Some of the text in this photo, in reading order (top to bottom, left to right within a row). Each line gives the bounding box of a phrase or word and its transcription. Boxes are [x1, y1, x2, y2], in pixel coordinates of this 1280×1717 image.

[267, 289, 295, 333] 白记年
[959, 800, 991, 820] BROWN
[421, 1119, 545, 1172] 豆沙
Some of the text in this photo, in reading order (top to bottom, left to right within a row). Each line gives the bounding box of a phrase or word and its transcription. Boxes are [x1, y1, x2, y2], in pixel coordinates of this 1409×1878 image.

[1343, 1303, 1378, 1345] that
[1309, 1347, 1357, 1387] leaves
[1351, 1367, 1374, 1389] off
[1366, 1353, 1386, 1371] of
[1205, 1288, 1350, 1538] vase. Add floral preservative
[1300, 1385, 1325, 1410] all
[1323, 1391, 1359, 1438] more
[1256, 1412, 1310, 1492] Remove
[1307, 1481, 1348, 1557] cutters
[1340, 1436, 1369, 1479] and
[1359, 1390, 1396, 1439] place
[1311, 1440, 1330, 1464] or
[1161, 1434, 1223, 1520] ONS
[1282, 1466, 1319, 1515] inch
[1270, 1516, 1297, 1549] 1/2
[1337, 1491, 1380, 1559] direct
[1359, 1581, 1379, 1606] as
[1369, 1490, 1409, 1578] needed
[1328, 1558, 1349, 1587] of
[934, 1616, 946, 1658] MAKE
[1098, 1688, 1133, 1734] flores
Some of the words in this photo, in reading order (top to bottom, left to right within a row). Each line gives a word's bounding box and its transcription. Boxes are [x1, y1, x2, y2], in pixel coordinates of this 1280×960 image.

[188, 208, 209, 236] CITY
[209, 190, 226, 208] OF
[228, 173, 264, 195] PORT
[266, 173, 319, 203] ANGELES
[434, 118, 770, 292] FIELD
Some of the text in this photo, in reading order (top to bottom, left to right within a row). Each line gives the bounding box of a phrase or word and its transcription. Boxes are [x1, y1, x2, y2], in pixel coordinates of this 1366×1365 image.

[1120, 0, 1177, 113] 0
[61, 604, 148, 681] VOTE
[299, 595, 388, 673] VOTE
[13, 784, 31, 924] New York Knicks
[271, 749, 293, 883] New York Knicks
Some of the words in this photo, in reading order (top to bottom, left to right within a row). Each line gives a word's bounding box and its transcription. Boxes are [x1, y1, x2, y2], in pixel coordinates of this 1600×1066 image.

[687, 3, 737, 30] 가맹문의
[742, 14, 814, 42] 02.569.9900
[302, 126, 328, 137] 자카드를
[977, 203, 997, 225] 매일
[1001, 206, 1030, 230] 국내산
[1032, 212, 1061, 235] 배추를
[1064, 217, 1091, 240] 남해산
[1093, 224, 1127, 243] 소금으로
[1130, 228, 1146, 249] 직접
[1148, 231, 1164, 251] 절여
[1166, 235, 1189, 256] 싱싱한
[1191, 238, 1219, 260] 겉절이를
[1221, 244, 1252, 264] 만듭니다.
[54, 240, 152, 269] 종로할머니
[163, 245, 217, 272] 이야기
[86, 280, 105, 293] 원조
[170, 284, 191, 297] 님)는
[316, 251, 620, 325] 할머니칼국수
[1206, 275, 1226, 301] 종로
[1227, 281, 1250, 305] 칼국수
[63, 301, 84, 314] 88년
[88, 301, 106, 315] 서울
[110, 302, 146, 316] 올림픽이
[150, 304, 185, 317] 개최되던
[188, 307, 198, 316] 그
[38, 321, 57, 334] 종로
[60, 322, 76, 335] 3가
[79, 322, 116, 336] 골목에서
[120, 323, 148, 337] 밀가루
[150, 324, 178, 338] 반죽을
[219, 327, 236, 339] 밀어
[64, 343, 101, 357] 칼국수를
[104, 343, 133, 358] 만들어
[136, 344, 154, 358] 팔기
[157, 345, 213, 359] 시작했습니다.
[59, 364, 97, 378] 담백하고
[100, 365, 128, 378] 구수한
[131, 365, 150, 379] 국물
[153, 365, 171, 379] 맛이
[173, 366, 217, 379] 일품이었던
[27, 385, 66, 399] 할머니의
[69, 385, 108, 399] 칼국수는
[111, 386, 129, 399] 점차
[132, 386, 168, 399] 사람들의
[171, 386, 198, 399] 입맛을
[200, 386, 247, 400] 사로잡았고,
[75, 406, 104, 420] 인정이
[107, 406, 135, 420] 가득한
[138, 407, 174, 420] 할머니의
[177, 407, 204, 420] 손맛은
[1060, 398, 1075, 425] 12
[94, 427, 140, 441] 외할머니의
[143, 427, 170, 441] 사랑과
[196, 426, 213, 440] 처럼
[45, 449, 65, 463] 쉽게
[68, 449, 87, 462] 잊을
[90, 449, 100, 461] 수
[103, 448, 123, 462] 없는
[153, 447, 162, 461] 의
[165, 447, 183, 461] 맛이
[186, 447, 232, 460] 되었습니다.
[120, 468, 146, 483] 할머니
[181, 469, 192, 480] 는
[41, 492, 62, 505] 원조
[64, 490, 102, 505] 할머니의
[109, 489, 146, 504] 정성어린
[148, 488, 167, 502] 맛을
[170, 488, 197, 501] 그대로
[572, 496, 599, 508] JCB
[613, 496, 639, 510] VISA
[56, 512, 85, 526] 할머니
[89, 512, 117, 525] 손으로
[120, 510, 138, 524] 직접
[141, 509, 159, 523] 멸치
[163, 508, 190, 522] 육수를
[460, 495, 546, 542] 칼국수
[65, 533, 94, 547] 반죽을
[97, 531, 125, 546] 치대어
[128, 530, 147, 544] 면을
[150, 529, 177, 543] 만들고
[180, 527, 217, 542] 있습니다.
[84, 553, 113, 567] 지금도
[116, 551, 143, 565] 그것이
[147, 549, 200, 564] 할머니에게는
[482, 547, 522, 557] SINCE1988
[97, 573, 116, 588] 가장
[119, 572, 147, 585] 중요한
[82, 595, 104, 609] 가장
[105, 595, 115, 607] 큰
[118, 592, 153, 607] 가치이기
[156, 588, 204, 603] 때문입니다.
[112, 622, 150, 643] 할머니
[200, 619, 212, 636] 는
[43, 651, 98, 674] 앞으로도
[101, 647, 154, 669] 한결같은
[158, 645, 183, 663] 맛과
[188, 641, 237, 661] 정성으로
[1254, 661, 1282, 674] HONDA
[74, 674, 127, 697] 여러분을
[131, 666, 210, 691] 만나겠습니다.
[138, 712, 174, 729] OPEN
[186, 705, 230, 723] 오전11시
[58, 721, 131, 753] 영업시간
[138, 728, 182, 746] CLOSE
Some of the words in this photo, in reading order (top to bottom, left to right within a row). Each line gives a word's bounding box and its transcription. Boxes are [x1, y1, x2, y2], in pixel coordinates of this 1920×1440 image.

● **EXERCISE**
Could you transcribe all of the entries exactly, leaving nothing out?

● **FINISHED EXERCISE**
Some of the text in this photo, in reading order (top to bottom, left to right within a row). Each line gives the bounding box of a phrase or word and its transcription. Boxes are [x1, y1, x2, y2], in pixel coordinates of this 1280×1717 image.

[267, 289, 295, 333] 白记年
[959, 800, 991, 820] BROWN
[421, 1119, 545, 1172] 豆沙
Some of the text in this photo, in reading order (top to bottom, left to right within a row). Each line gives the bounding box of a phrase or word and its transcription. Boxes are [x1, y1, x2, y2], in pixel coordinates of this 1409×1878 image.

[1343, 1303, 1378, 1345] that
[1309, 1347, 1357, 1387] leaves
[1351, 1367, 1374, 1389] off
[1366, 1353, 1386, 1371] of
[1205, 1288, 1350, 1538] vase. Add floral preservative
[1300, 1385, 1325, 1410] all
[1323, 1391, 1359, 1438] more
[1256, 1412, 1310, 1492] Remove
[1307, 1481, 1348, 1557] cutters
[1340, 1436, 1369, 1479] and
[1359, 1390, 1396, 1439] place
[1311, 1440, 1330, 1464] or
[1161, 1434, 1223, 1520] ONS
[1282, 1466, 1319, 1515] inch
[1270, 1516, 1297, 1549] 1/2
[1337, 1491, 1380, 1559] direct
[1359, 1581, 1379, 1606] as
[1369, 1490, 1409, 1578] needed
[1328, 1558, 1349, 1587] of
[934, 1616, 946, 1658] MAKE
[1098, 1688, 1133, 1734] flores
Some of the words in this photo, in reading order (top to bottom, left to right within a row). Each line gives a word's bounding box and its transcription. Boxes are [x1, y1, x2, y2], in pixel coordinates of this 1280×960 image.

[188, 208, 209, 236] CITY
[209, 190, 226, 208] OF
[228, 173, 264, 195] PORT
[266, 173, 319, 203] ANGELES
[434, 118, 770, 292] FIELD
Some of the text in this photo, in reading order (top to bottom, left to right within a row). Each line gives the bounding box of a phrase or word and its transcription. Boxes are [x1, y1, x2, y2], in pixel coordinates of this 1366×1365 image.

[1120, 0, 1177, 113] 0
[61, 604, 148, 681] VOTE
[299, 595, 388, 673] VOTE
[13, 784, 31, 924] New York Knicks
[271, 749, 293, 883] New York Knicks
Some of the words in this photo, in reading order (top to bottom, left to right within a row). Each line gives a word's bounding box and its transcription. Boxes are [x1, y1, x2, y2], in pixel coordinates of this 1600×1066 image.

[687, 3, 737, 30] 가맹문의
[742, 14, 814, 42] 02.569.9900
[302, 126, 328, 137] 자카드를
[977, 203, 997, 225] 매일
[1001, 206, 1030, 230] 국내산
[1032, 212, 1061, 235] 배추를
[1064, 217, 1091, 240] 남해산
[1093, 224, 1127, 243] 소금으로
[1130, 228, 1146, 249] 직접
[1148, 231, 1164, 251] 절여
[1166, 235, 1189, 256] 싱싱한
[1191, 238, 1219, 260] 겉절이를
[1221, 244, 1252, 264] 만듭니다.
[54, 240, 152, 269] 종로할머니
[163, 245, 217, 272] 이야기
[86, 280, 105, 293] 원조
[170, 284, 191, 297] 님)는
[316, 251, 620, 325] 할머니칼국수
[1206, 275, 1226, 301] 종로
[1227, 281, 1250, 305] 칼국수
[63, 301, 84, 314] 88년
[88, 301, 106, 315] 서울
[110, 302, 146, 316] 올림픽이
[150, 304, 185, 317] 개최되던
[188, 307, 198, 316] 그
[38, 321, 57, 334] 종로
[60, 322, 76, 335] 3가
[79, 322, 116, 336] 골목에서
[120, 323, 148, 337] 밀가루
[150, 324, 178, 338] 반죽을
[219, 327, 236, 339] 밀어
[64, 343, 101, 357] 칼국수를
[104, 343, 133, 358] 만들어
[136, 344, 154, 358] 팔기
[157, 345, 213, 359] 시작했습니다.
[59, 364, 97, 378] 담백하고
[100, 365, 128, 378] 구수한
[131, 365, 150, 379] 국물
[153, 365, 171, 379] 맛이
[173, 366, 217, 379] 일품이었던
[27, 385, 66, 399] 할머니의
[69, 385, 108, 399] 칼국수는
[111, 386, 129, 399] 점차
[132, 386, 168, 399] 사람들의
[171, 386, 198, 399] 입맛을
[200, 386, 247, 400] 사로잡았고,
[75, 406, 104, 420] 인정이
[107, 406, 135, 420] 가득한
[138, 407, 174, 420] 할머니의
[177, 407, 204, 420] 손맛은
[1060, 398, 1075, 425] 12
[94, 427, 140, 441] 외할머니의
[143, 427, 170, 441] 사랑과
[196, 426, 213, 440] 처럼
[45, 449, 65, 463] 쉽게
[68, 449, 87, 462] 잊을
[90, 449, 100, 461] 수
[103, 448, 123, 462] 없는
[153, 447, 162, 461] 의
[165, 447, 183, 461] 맛이
[186, 447, 232, 460] 되었습니다.
[120, 468, 146, 483] 할머니
[181, 469, 192, 480] 는
[41, 492, 62, 505] 원조
[64, 490, 102, 505] 할머니의
[109, 489, 146, 504] 정성어린
[148, 488, 167, 502] 맛을
[170, 488, 197, 501] 그대로
[572, 496, 599, 508] JCB
[613, 496, 639, 510] VISA
[56, 512, 85, 526] 할머니
[89, 512, 117, 525] 손으로
[120, 510, 138, 524] 직접
[141, 509, 159, 523] 멸치
[163, 508, 190, 522] 육수를
[460, 495, 546, 542] 칼국수
[65, 533, 94, 547] 반죽을
[97, 531, 125, 546] 치대어
[128, 530, 147, 544] 면을
[150, 529, 177, 543] 만들고
[180, 527, 217, 542] 있습니다.
[84, 553, 113, 567] 지금도
[116, 551, 143, 565] 그것이
[147, 549, 200, 564] 할머니에게는
[482, 547, 522, 557] SINCE1988
[97, 573, 116, 588] 가장
[119, 572, 147, 585] 중요한
[82, 595, 104, 609] 가장
[105, 595, 115, 607] 큰
[118, 592, 153, 607] 가치이기
[156, 588, 204, 603] 때문입니다.
[112, 622, 150, 643] 할머니
[200, 619, 212, 636] 는
[43, 651, 98, 674] 앞으로도
[101, 647, 154, 669] 한결같은
[158, 645, 183, 663] 맛과
[188, 641, 237, 661] 정성으로
[1254, 661, 1282, 674] HONDA
[74, 674, 127, 697] 여러분을
[131, 666, 210, 691] 만나겠습니다.
[138, 712, 174, 729] OPEN
[186, 705, 230, 723] 오전11시
[58, 721, 131, 753] 영업시간
[138, 728, 182, 746] CLOSE
Some of the words in this photo, in reading order (top to bottom, left to right within a row). Each line gives a word's bounding box and its transcription. Boxes are [x1, y1, x2, y2], in pixel coordinates of this 1920×1440 image.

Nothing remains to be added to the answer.